Copy every record exactly as it stands. Leave the pictures out.

(Stored data entries)
══════

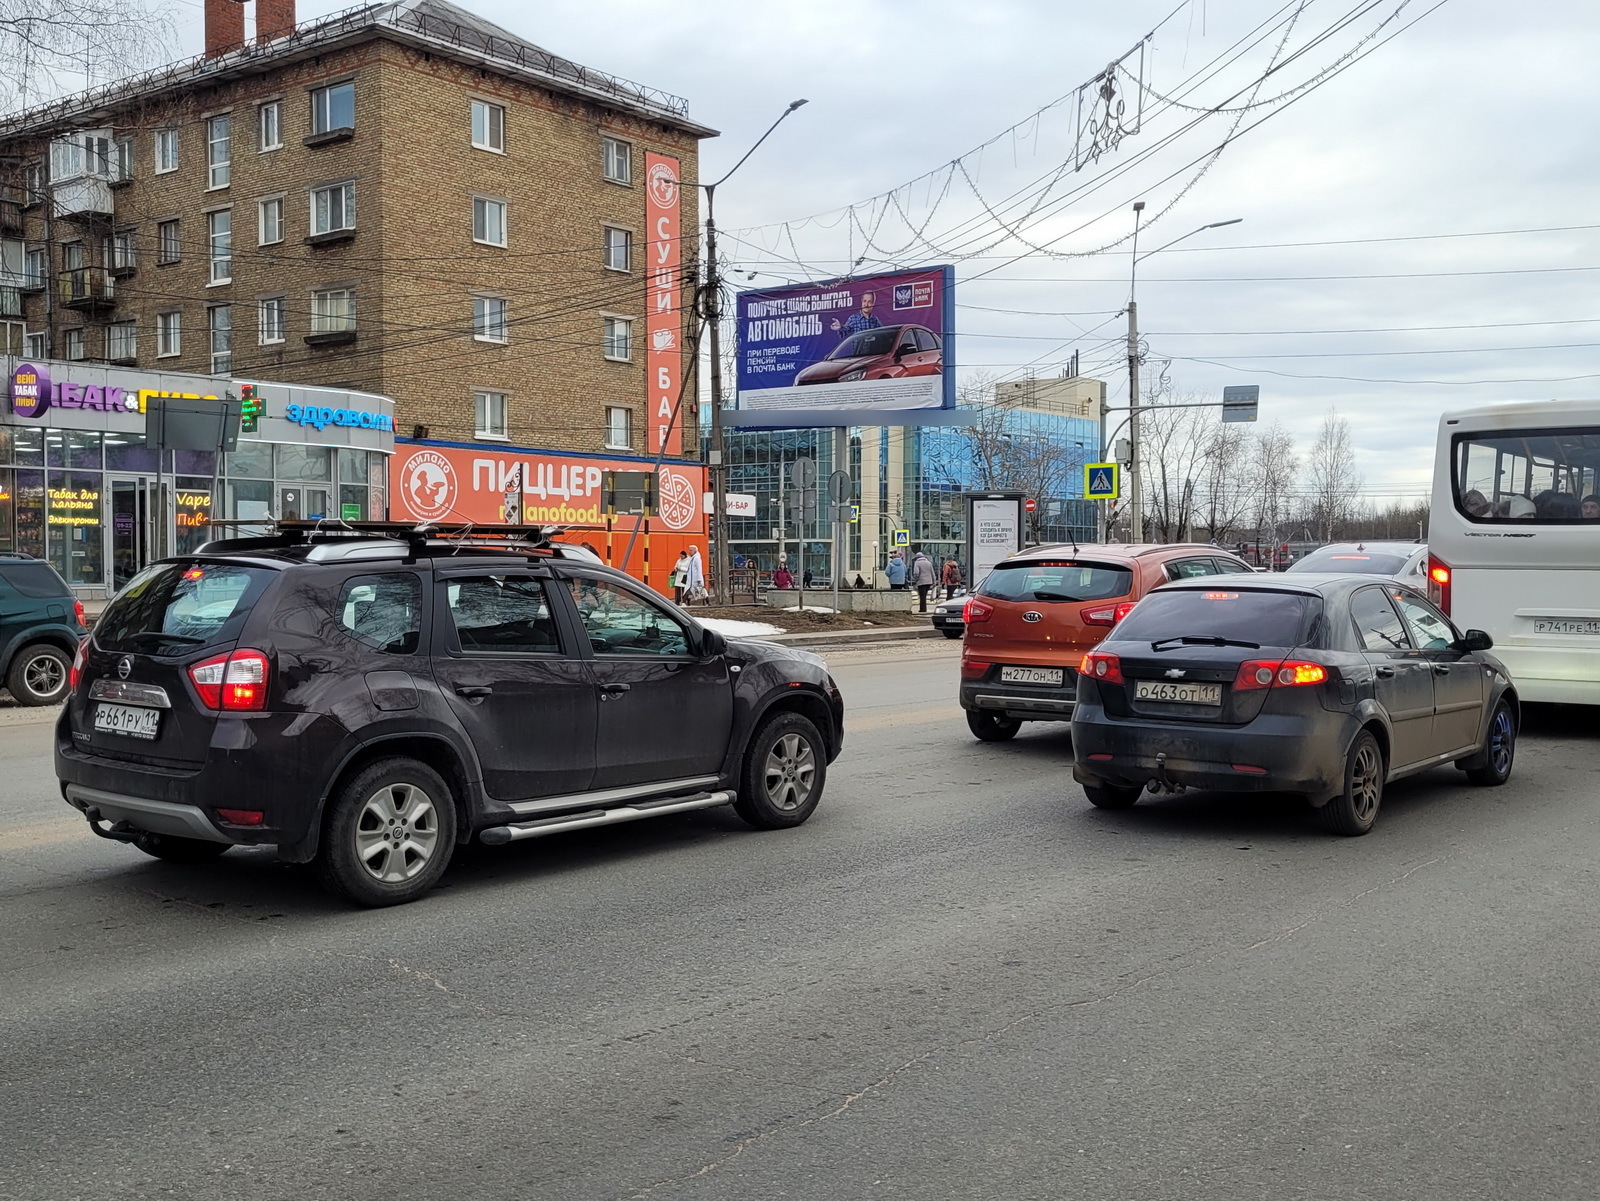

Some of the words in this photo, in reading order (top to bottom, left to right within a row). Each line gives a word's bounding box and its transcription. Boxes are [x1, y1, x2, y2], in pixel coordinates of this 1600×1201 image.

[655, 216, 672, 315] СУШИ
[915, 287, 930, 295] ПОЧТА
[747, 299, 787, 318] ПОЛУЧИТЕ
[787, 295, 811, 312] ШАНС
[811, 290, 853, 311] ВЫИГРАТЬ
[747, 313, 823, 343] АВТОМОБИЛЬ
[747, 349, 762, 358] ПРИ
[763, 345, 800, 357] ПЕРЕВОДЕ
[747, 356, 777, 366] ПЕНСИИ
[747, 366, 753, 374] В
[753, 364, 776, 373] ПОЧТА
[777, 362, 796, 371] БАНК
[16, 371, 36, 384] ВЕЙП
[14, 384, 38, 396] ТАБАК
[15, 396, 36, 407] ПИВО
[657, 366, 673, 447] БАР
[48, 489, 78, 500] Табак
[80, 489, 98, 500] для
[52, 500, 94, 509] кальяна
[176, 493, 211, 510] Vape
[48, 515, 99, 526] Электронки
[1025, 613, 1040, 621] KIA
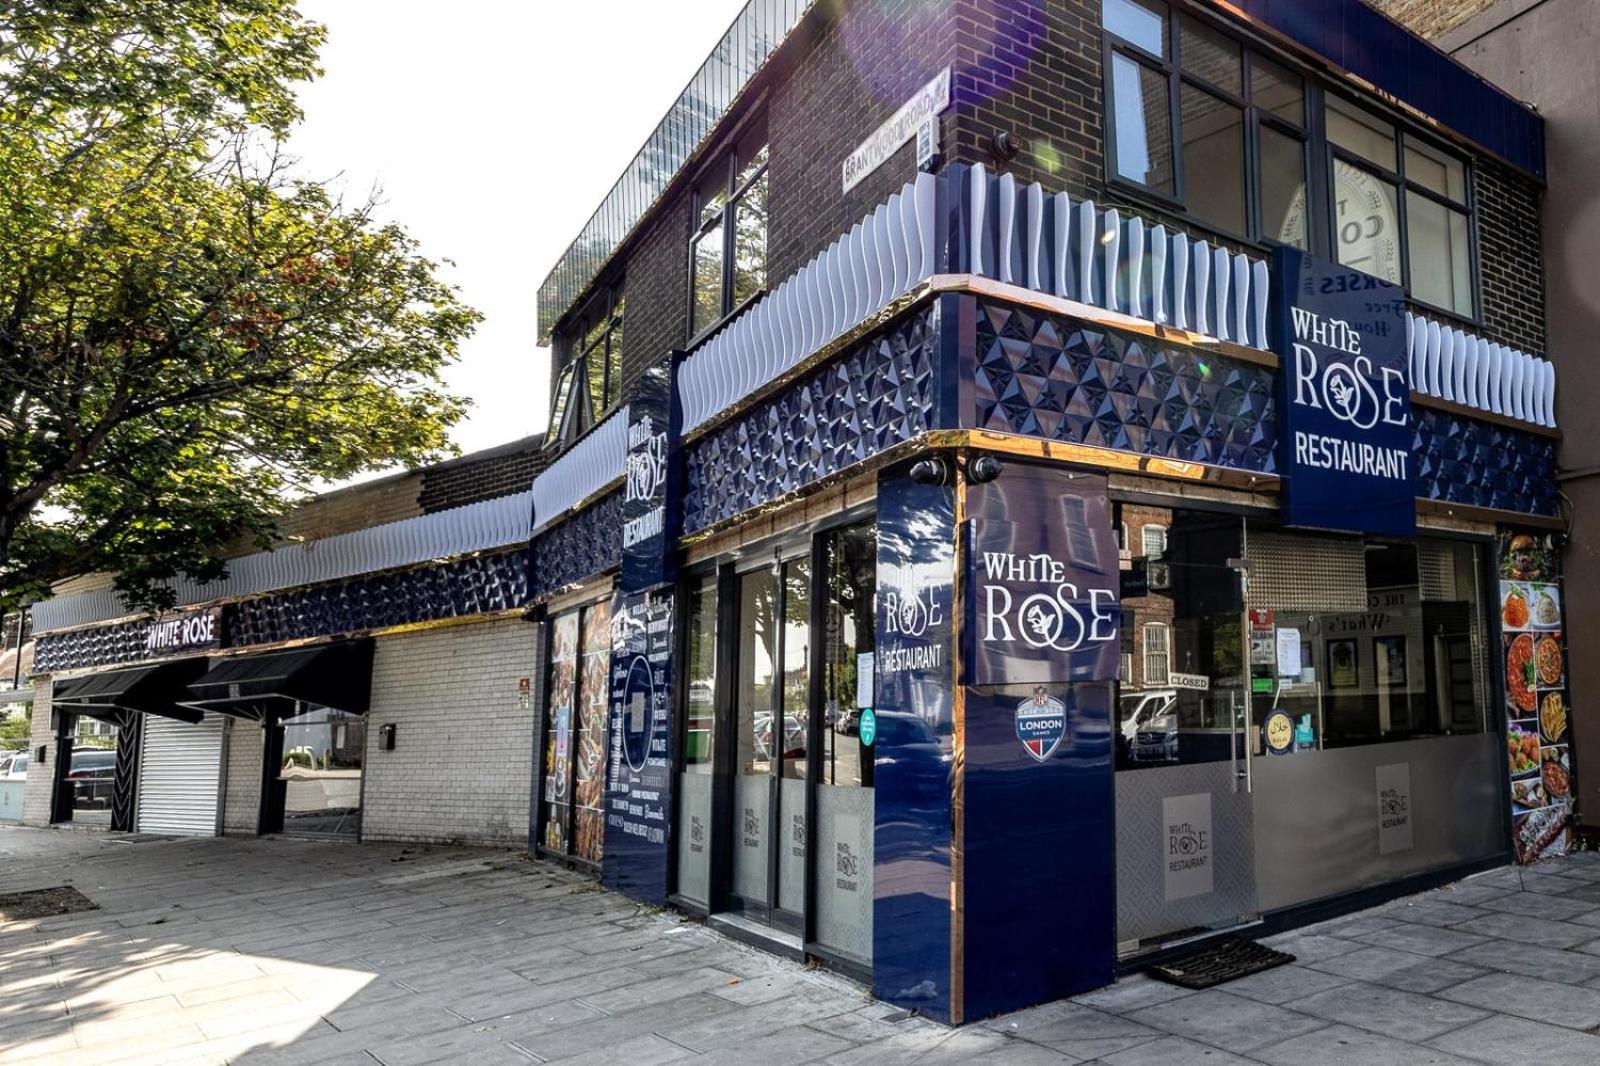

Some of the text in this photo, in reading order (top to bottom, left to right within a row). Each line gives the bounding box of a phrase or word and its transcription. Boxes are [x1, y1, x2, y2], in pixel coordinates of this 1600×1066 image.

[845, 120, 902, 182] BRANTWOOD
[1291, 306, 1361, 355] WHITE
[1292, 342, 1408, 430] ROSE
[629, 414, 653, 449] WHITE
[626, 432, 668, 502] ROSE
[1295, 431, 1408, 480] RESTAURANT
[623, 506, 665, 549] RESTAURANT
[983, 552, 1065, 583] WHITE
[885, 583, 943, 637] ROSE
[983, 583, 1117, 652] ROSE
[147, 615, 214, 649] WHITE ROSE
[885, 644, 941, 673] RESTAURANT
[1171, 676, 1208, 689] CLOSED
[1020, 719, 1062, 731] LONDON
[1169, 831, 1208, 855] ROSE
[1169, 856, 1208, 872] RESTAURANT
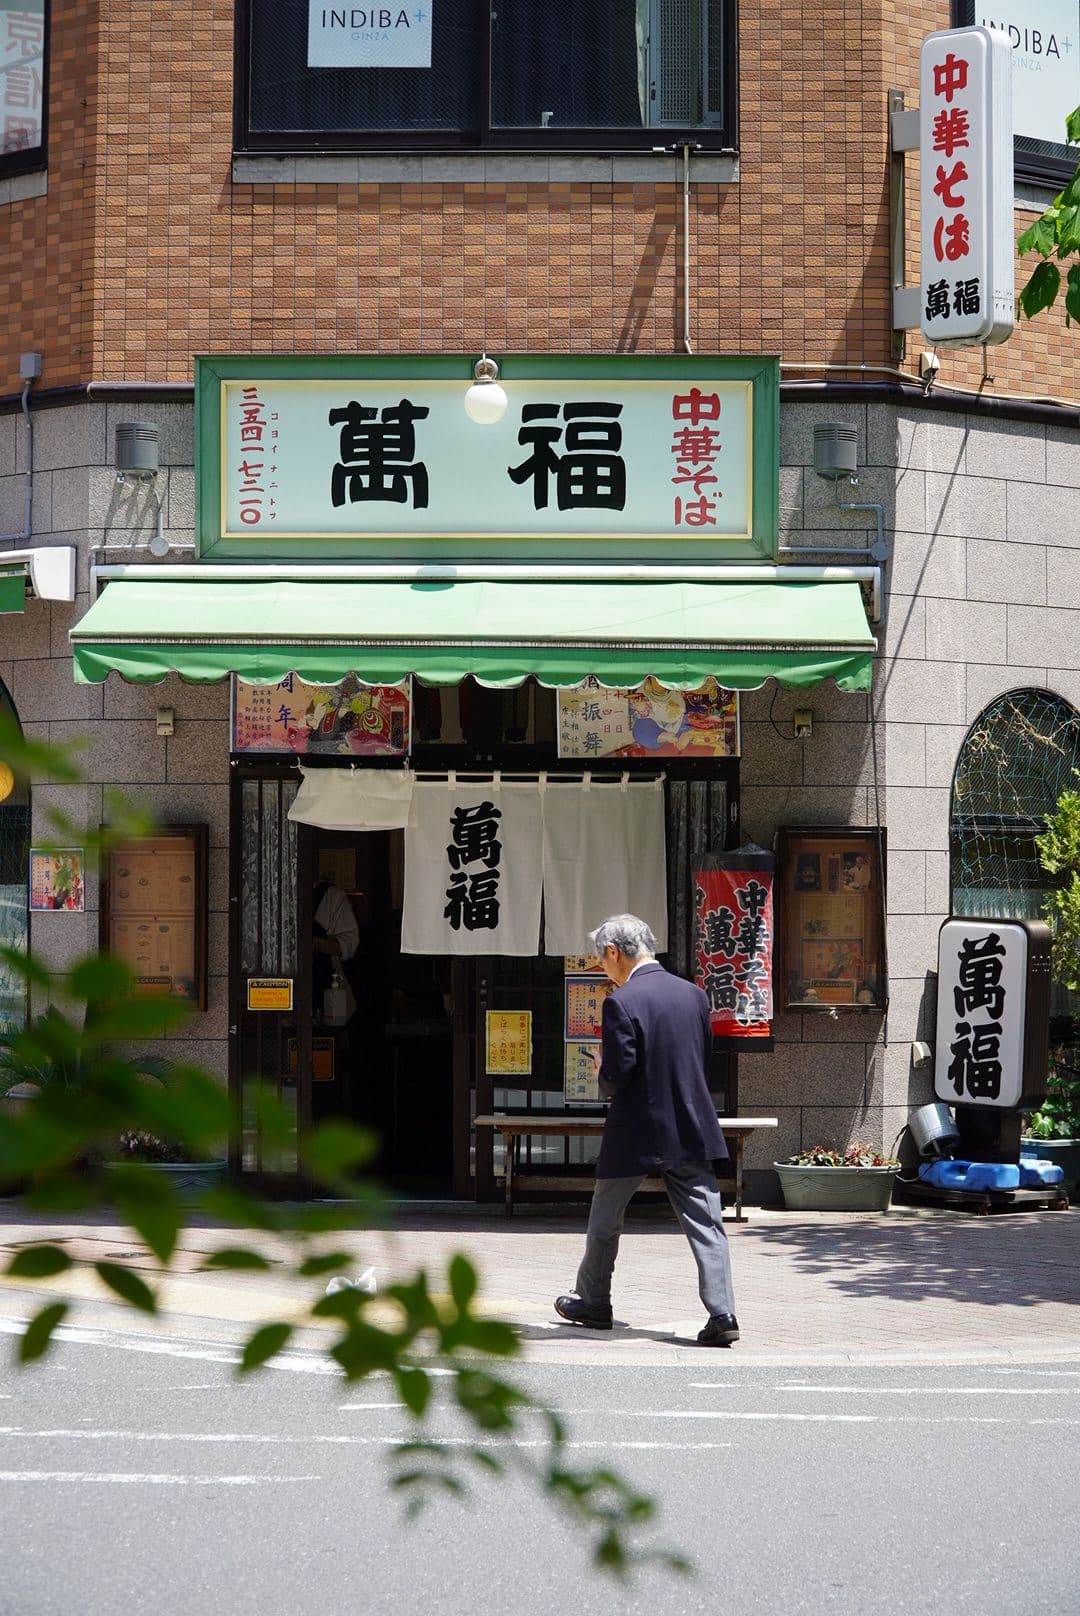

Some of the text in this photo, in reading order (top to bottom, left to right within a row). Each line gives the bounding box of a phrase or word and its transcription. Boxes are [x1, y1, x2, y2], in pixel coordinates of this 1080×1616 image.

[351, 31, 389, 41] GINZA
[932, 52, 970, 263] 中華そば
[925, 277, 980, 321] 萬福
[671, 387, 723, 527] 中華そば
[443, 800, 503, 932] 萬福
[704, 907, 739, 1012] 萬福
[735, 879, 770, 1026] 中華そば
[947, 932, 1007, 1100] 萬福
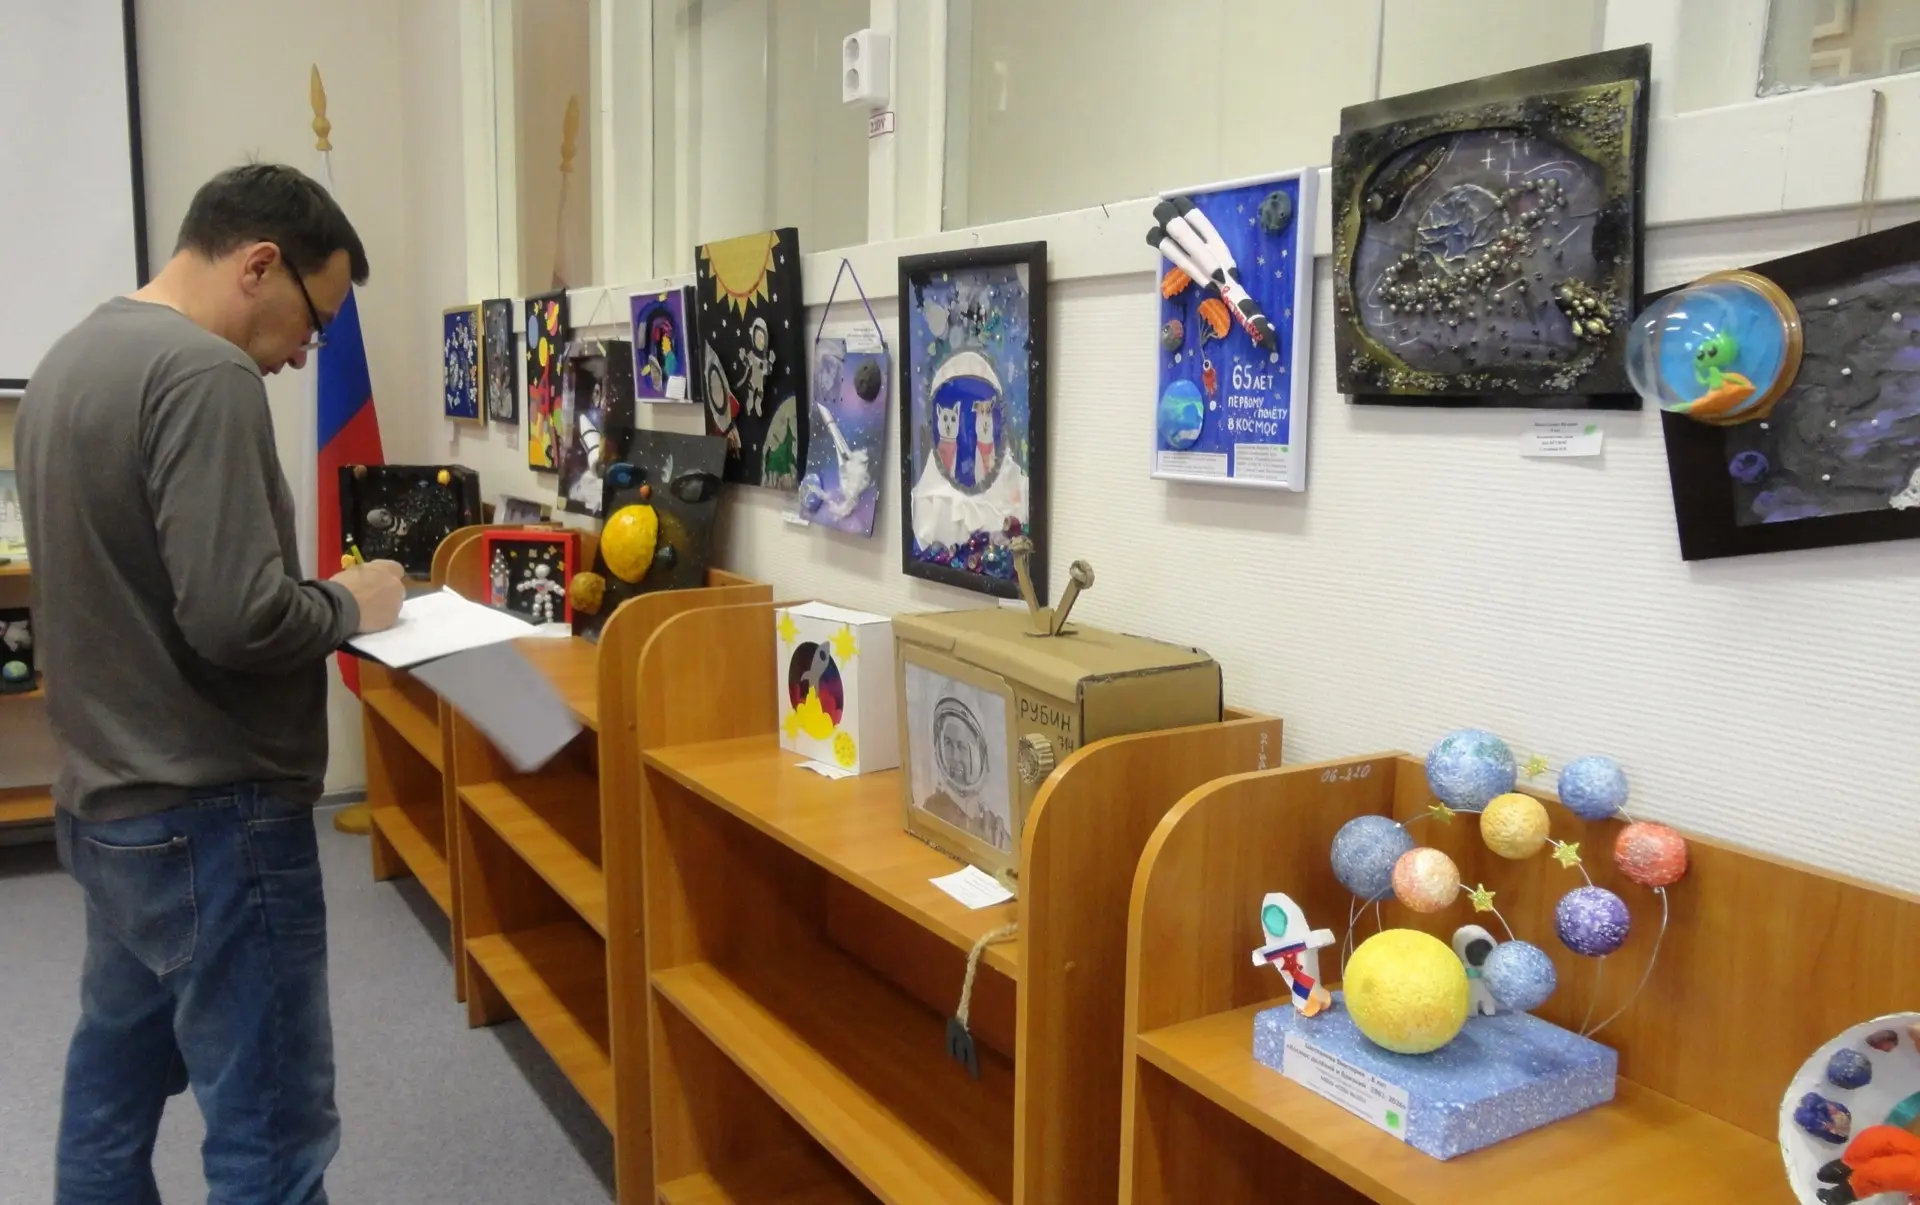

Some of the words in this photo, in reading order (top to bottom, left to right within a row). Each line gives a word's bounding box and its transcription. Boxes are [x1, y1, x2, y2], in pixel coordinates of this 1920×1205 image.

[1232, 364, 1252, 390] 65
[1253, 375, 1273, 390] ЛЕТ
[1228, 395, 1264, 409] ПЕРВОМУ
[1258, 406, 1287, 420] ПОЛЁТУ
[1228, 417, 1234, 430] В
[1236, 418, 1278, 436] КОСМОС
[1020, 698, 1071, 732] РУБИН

══════

▸ Reply to the exercise:
Some of the words in this photo, in reading order (top to bottom, left to right within a row). Each line gives a word's bounding box and its transcription. Boxes are [x1, y1, x2, y2], in pixel coordinates of this 1600×1201 image.

[655, 216, 672, 315] СУШИ
[915, 287, 930, 295] ПОЧТА
[747, 299, 787, 318] ПОЛУЧИТЕ
[787, 295, 811, 312] ШАНС
[811, 290, 853, 311] ВЫИГРАТЬ
[747, 313, 823, 343] АВТОМОБИЛЬ
[747, 349, 762, 358] ПРИ
[763, 345, 800, 357] ПЕРЕВОДЕ
[747, 356, 777, 366] ПЕНСИИ
[747, 366, 753, 374] В
[753, 364, 776, 373] ПОЧТА
[777, 362, 796, 371] БАНК
[16, 371, 36, 384] ВЕЙП
[14, 384, 38, 396] ТАБАК
[15, 396, 36, 407] ПИВО
[657, 366, 673, 447] БАР
[48, 489, 78, 500] Табак
[80, 489, 98, 500] для
[52, 500, 94, 509] кальяна
[176, 493, 211, 510] Vape
[48, 515, 99, 526] Электронки
[1025, 613, 1040, 621] KIA

Some of the text in this photo, in reading order (top to bottom, left to right within a row). Each line gives the bounding box of a phrase or word and its transcription. Boxes are [x1, y1, x2, y2], in pixel coordinates of this 1600×1066 image.

[845, 120, 902, 182] BRANTWOOD
[1291, 306, 1361, 355] WHITE
[1292, 342, 1408, 430] ROSE
[629, 414, 653, 449] WHITE
[626, 432, 668, 502] ROSE
[1295, 431, 1408, 480] RESTAURANT
[623, 506, 665, 549] RESTAURANT
[983, 552, 1065, 583] WHITE
[885, 583, 943, 637] ROSE
[983, 583, 1117, 652] ROSE
[147, 615, 214, 649] WHITE ROSE
[885, 644, 941, 673] RESTAURANT
[1171, 676, 1208, 689] CLOSED
[1020, 719, 1062, 731] LONDON
[1169, 831, 1208, 855] ROSE
[1169, 856, 1208, 872] RESTAURANT

Some of the text in this photo, in reading order (top to bottom, left to right within a row). Each line gives the bounding box of a phrase or word and its transcription. Boxes are [x1, y1, x2, y2], in pixel coordinates of this 1080×1616 image.

[351, 31, 389, 41] GINZA
[932, 52, 970, 263] 中華そば
[925, 277, 980, 321] 萬福
[671, 387, 723, 527] 中華そば
[443, 800, 503, 932] 萬福
[704, 907, 739, 1012] 萬福
[735, 879, 770, 1026] 中華そば
[947, 932, 1007, 1100] 萬福

Some of the words in this photo, in reading order (top to bottom, left to right within a row). Each line gives a word's bounding box and its transcription. Boxes are [x1, y1, x2, y2], in pixel coordinates of this 1920×1205 image.

[1232, 364, 1252, 390] 65
[1253, 375, 1273, 390] ЛЕТ
[1228, 395, 1264, 409] ПЕРВОМУ
[1258, 406, 1287, 420] ПОЛЁТУ
[1228, 417, 1234, 430] В
[1236, 418, 1278, 436] КОСМОС
[1020, 698, 1071, 732] РУБИН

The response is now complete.